Saved entries:
::::::::

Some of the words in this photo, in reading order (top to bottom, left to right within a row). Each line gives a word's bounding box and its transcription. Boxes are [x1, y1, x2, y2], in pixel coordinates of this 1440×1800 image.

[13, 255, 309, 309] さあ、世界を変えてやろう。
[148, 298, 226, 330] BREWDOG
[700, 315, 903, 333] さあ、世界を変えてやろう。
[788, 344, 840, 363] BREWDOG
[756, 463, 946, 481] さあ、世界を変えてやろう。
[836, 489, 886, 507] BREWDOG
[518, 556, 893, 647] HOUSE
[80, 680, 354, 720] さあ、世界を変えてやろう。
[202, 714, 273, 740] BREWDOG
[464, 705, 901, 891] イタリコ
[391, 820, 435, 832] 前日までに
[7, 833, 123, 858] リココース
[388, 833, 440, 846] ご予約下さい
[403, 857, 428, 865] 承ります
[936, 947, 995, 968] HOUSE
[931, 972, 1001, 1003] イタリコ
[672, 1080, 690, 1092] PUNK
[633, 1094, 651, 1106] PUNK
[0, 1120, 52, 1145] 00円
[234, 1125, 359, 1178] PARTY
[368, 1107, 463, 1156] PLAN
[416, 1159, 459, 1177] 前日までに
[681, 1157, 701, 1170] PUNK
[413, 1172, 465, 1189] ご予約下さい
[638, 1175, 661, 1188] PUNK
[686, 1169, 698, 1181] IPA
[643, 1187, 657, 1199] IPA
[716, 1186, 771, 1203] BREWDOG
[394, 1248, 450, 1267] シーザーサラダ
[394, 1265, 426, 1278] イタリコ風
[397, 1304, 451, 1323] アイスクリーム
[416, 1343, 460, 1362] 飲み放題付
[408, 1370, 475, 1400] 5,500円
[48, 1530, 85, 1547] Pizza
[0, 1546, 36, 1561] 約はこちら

::::::::

Assignment: Restate all of the entries above precisely.

Worked solution:
Some of the words in this photo, in reading order (top to bottom, left to right within a row). Each line gives a word's bounding box and its transcription. Boxes are [x1, y1, x2, y2], in pixel coordinates of this 1440×1800 image.

[13, 255, 309, 309] さあ、世界を変えてやろう。
[148, 298, 226, 330] BREWDOG
[700, 315, 903, 333] さあ、世界を変えてやろう。
[788, 344, 840, 363] BREWDOG
[756, 463, 946, 481] さあ、世界を変えてやろう。
[836, 489, 886, 507] BREWDOG
[518, 556, 893, 647] HOUSE
[80, 680, 354, 720] さあ、世界を変えてやろう。
[202, 714, 273, 740] BREWDOG
[464, 705, 901, 891] イタリコ
[391, 820, 435, 832] 前日までに
[7, 833, 123, 858] リココース
[388, 833, 440, 846] ご予約下さい
[403, 857, 428, 865] 承ります
[936, 947, 995, 968] HOUSE
[931, 972, 1001, 1003] イタリコ
[672, 1080, 690, 1092] PUNK
[633, 1094, 651, 1106] PUNK
[0, 1120, 52, 1145] 00円
[234, 1125, 359, 1178] PARTY
[368, 1107, 463, 1156] PLAN
[416, 1159, 459, 1177] 前日までに
[681, 1157, 701, 1170] PUNK
[413, 1172, 465, 1189] ご予約下さい
[638, 1175, 661, 1188] PUNK
[686, 1169, 698, 1181] IPA
[643, 1187, 657, 1199] IPA
[716, 1186, 771, 1203] BREWDOG
[394, 1248, 450, 1267] シーザーサラダ
[394, 1265, 426, 1278] イタリコ風
[397, 1304, 451, 1323] アイスクリーム
[416, 1343, 460, 1362] 飲み放題付
[408, 1370, 475, 1400] 5,500円
[48, 1530, 85, 1547] Pizza
[0, 1546, 36, 1561] 約はこちら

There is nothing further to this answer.